What a change it is from the recent past: From the 1970s until the middle of the last decade, there was a worldwide push for international cooperation in many areas, such as trade, intellectual property, energy and the environment. The signing of the North American Free Trade Agreement, the establishment of a single currency in Western Europe, and the entrance of China into the World Trade Organization mark high points in three decades which saw increasing economic integration.

Now the same nations that argued for increased internationalism are having second thoughts. Protectionist clamor from industries and employees suffering from Asian competition has gathered steam in the United States, Great Britain, France and Germany. Anti-foreign worker fervor has also infected the United States, Western Europe and even countries of the East African Community. Meanwhile, China continues to fix its currency at an artificially low level, preferring to keep its price edge in manufactured goods over stabilizing the world economic system.

Perhaps the biggest sign that countries are retreating from multinationalism has been the impossibility of achieving a viable agreement to address global environmental concerns.

At exactly the same time countries are retreating into economic nationalism, corporations with operations in more than one country are losing their national identity. Can we really consider Henkel a German company or Toyota a Japanese company when these and many other multinational corporations (MNCs) have such large operations and workforces in other countries?

MNCs continue to grow in size and global reach, while at the same time becoming less subject to regulation by national governments. Multiple global operations across nations with sometimes vastly different laws and business customs make taxing and controlling the activities of MNCs a stubborn challenge for national governments. A perfect example of the inability to control MNCs can be seen in the legal constraints preventing the U.S. government from taking a greater management role over British Petroleum's handling of the oil spill in the Gulf of Mexico.

The new MNCs are different from the past conglomerates that would own many disparate businesses, enabling them, at least in theory, to ride out bad times because when one part of their operations was down, another would be up.

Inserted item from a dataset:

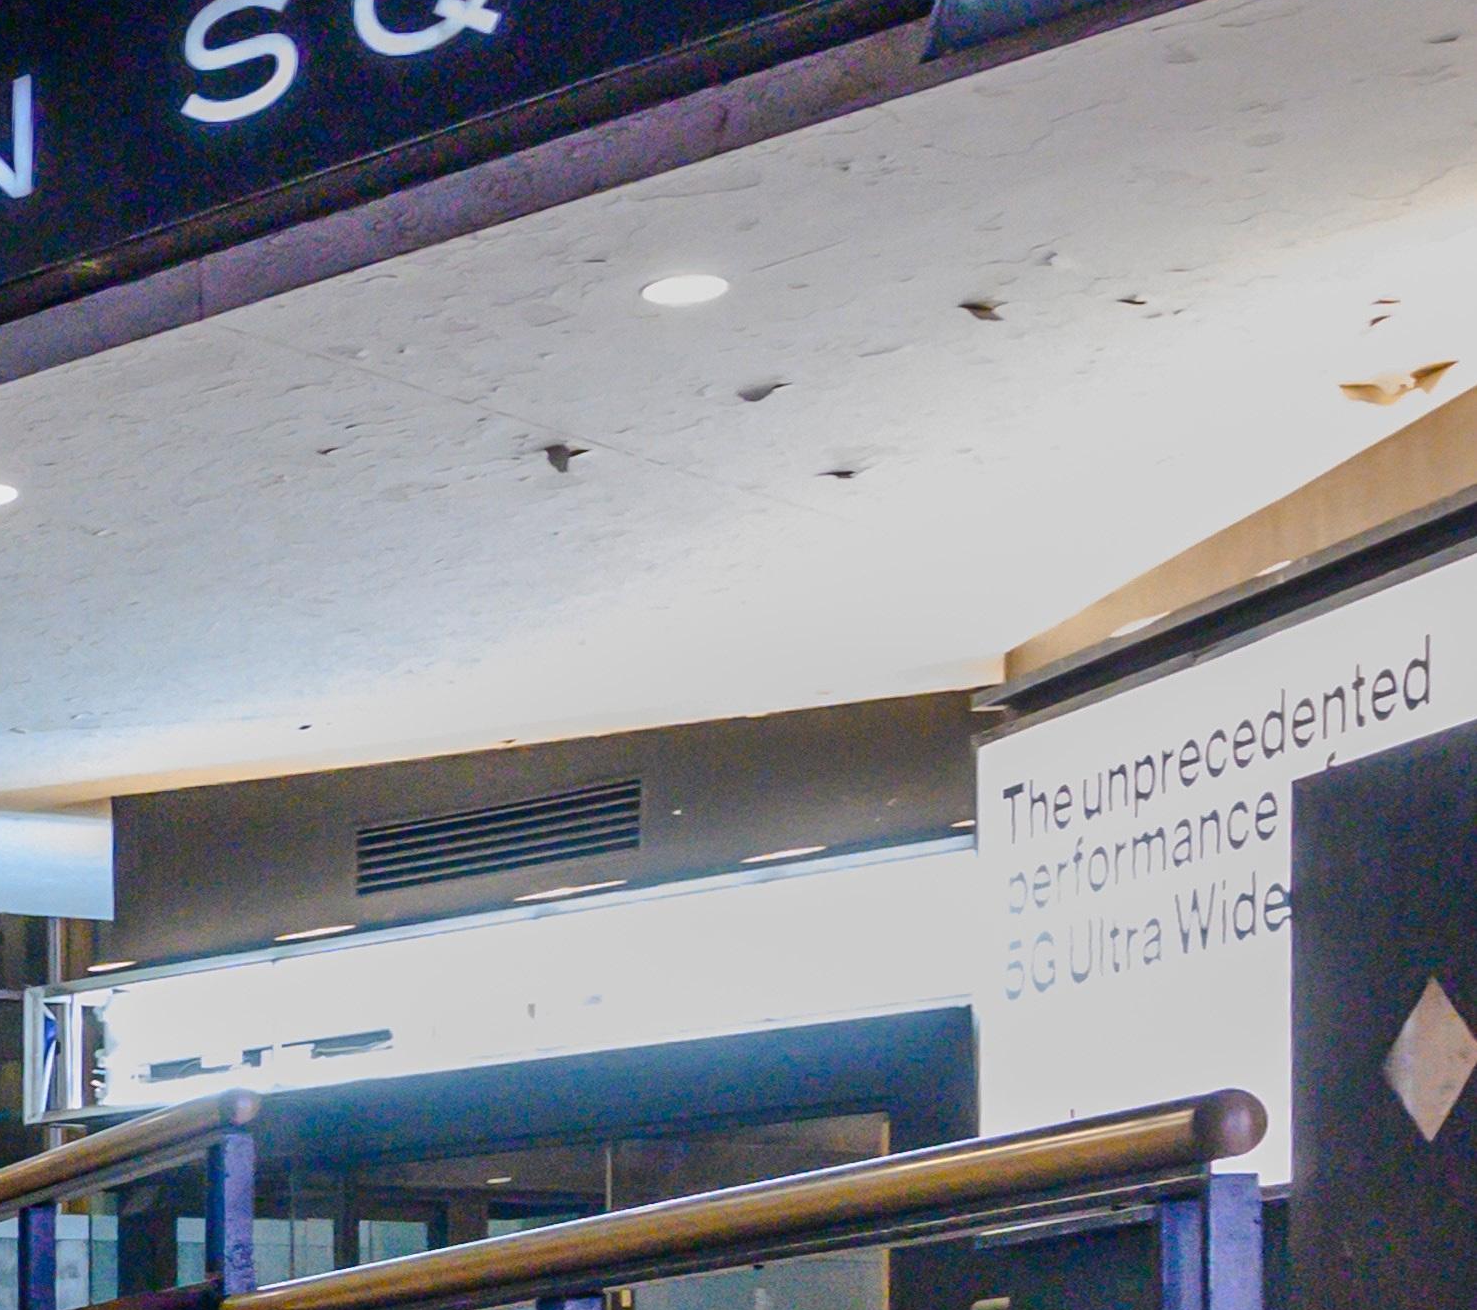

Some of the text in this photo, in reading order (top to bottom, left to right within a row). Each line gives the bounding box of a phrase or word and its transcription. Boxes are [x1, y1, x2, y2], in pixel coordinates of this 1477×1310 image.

[1002, 633, 1433, 846] The unprecedented
[1008, 790, 1280, 915] performance
[1004, 929, 1057, 1002] 5G
[1069, 915, 1164, 984] Ultra

By contrast, the contemporary MNC seeks to dominate one industry or product line globally. Be it Vodafone in telecommunications, Toyota and Tata in automobiles, or Severstal and ArcelorMittal in ferrous metals, large companies are gobbling up smaller ones, resulting in worldwide industries being dominated by a small number of players.

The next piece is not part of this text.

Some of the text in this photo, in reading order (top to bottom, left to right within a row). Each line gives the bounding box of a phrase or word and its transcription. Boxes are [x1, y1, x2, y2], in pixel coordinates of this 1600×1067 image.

These new MNCs have enormous economic power because they control key resources. With fewer players, global prices become less stable, as anyone who has tracked oil price volatility on a long-term basis understands all too well. Moreover, as MNCs continue to grow, they are beginning to come into direct conflict with countries trying to regulate their activities.

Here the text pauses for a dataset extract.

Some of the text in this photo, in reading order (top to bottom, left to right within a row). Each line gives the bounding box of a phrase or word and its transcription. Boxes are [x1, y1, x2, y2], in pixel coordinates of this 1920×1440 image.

Thus, economic forecasting has fragmented into nationalist thinking at the same time that business planning unifies around the global strategies of a few big players. These two trends work against each other like clashing tectonic plates. The result may appear to be random -- threats of tariff wars, armed skirmishes to control single-resource countries, ethnic minorities which control resources asserting their independence -- but they are not. On one level or another, many of the economic and political eruptions we will see over the next two decades will result from the interaction of these "economic tectonics."

Dennis Unkovic is an international business lawyer with Meyer, Unkovic & Scott, LLP who has published six books and more than 150 articles on international business issues and advised hundreds of U.S. and foreign companies on conducting business activities around the globe.